- Born: January 23, 1972 (age 53) Japan
- Nationality: Japanese
- Height: 5 ft 7 in (1.70 m)
- Weight: 143 lb (65 kg; 10.2 st)
- Division: Bantamweight Featherweight
- Style: Shorinji Kempo
- Team: K'z Factory
- Years active: 1995 - 2000

Mixed martial arts record
- Total: 14
- Wins: 10
- By knockout: 1
- By submission: 5
- By decision: 4
- Losses: 1
- By submission: 1
- Draws: 3

Other information
- Mixed martial arts record from Sherdog

= Uchu Tatsumi =

Japanese mixed martial arts fighter

Uchu Tatsumi (born January 23, 1972) is a retired Japanese mixed martial artist. He competed in the Bantamweight and Featherweight division. Tatsumi fought in Shooto and is known for his series of fights against Alexandre Franca Nogueira, from whom he suffered his only defeat ending his five year undefeated streak.

==Mixed martial arts career==
Uchu Tatsumi trained for Shooto under Kazuhiro Kusayanagi at K'z Factory.

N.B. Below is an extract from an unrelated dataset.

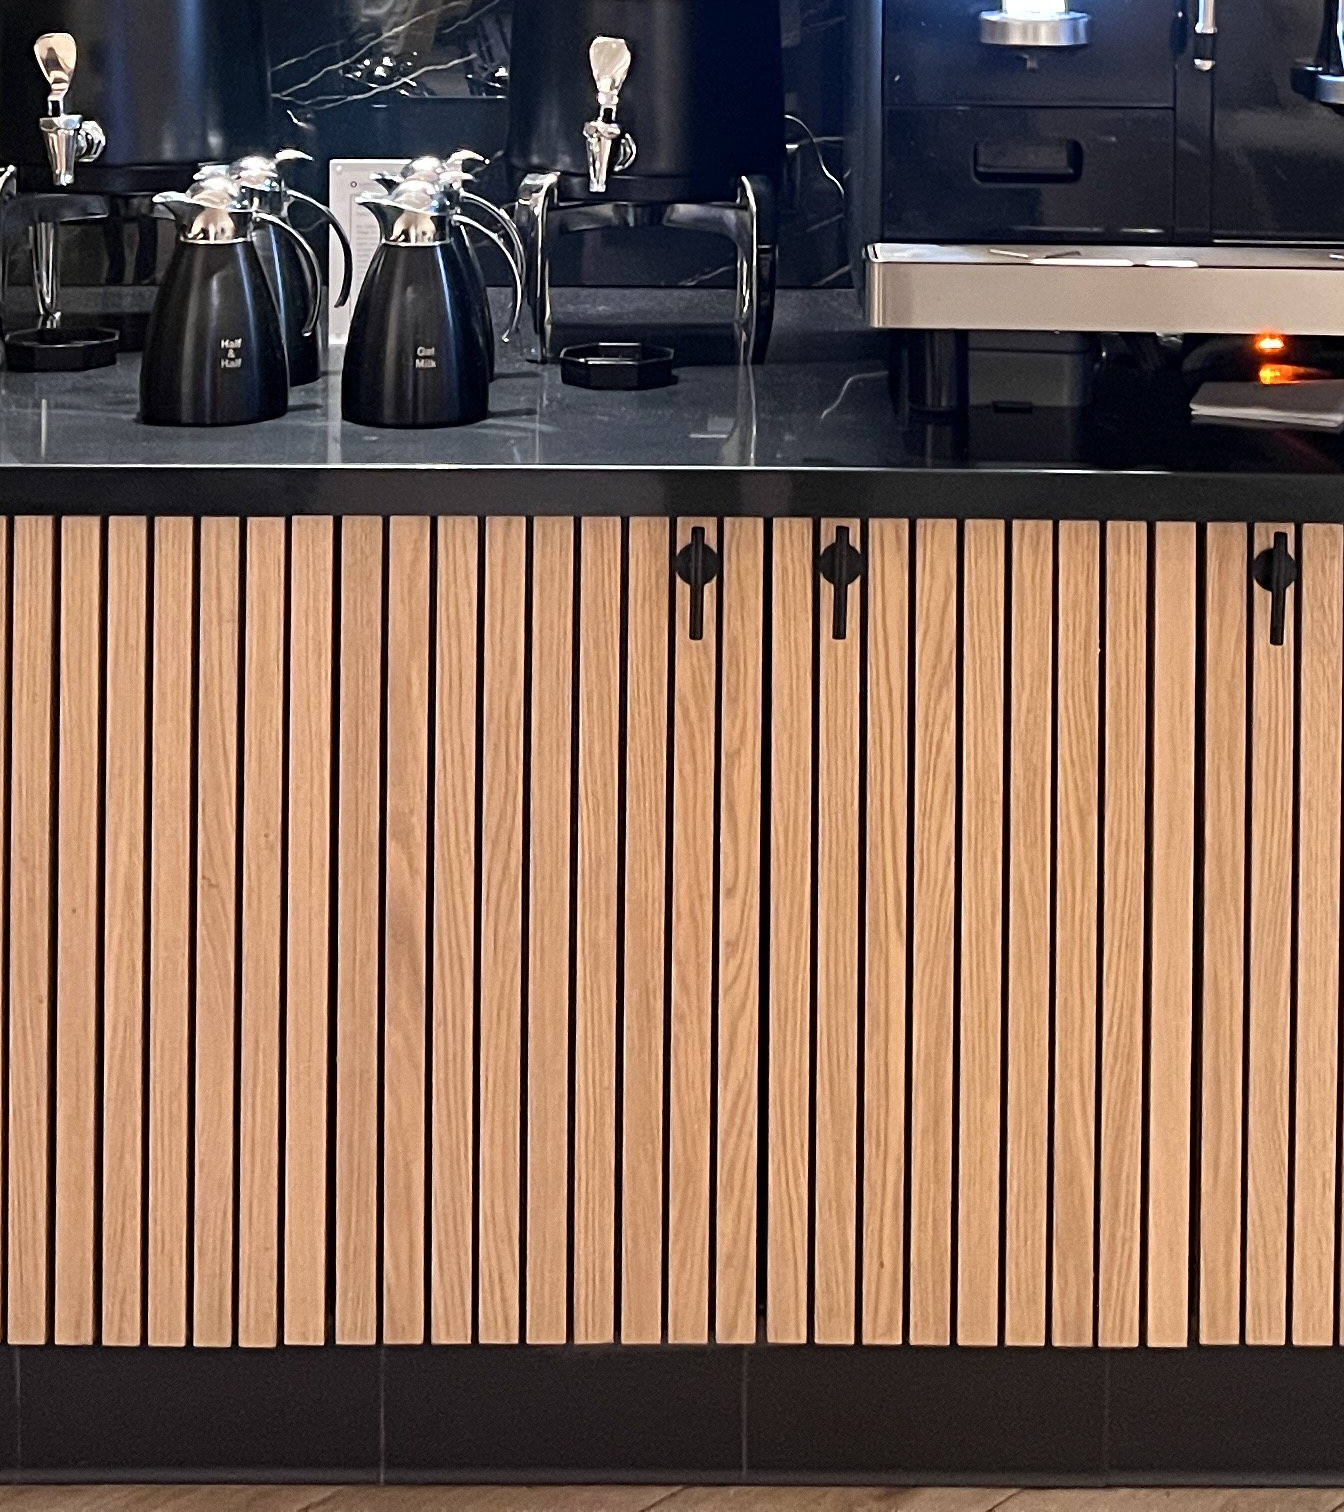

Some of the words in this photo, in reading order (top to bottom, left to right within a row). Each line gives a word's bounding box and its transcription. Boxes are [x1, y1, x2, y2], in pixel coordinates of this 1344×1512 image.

[220, 338, 242, 349] Half
[220, 358, 242, 368] Half
[415, 358, 437, 368] Milk

Tatsumi debuted on May 12, 1995, winning a unanimous decision against Magnum Kawamura at Shooto: Vale Tudo Access 4. Throughout 1996, Tatsumi fought Kimihito Nonaka and Hisao Ikeda to bring his record to 3-0-1. His undefeated streak would continue throughout the following year, including a decision win over Mamoru Okochi at Shooto: Reconquista 1 on January 18, 1997.

At 7-0, Tatsumi faced Joao Roque at the 1997 edition of Vale Tudo Japan, the fight went to a draw. On March 28, 1999, at Shooto: Renaxis 1, Tatsumi fought Noboru Asahi to a three round draw, keeping his streak alive.

At VTJ 1999, Tatsumi faced Alexandre Franca Nogueira for the Shooto Lightweight Championship the fight ended in a draw. He defeated Anthony Hamlett via rear naked choke at Shooto: R.E.A.D. 7 and then challenged Nogueira afterwards, promising that he would quit if he lost.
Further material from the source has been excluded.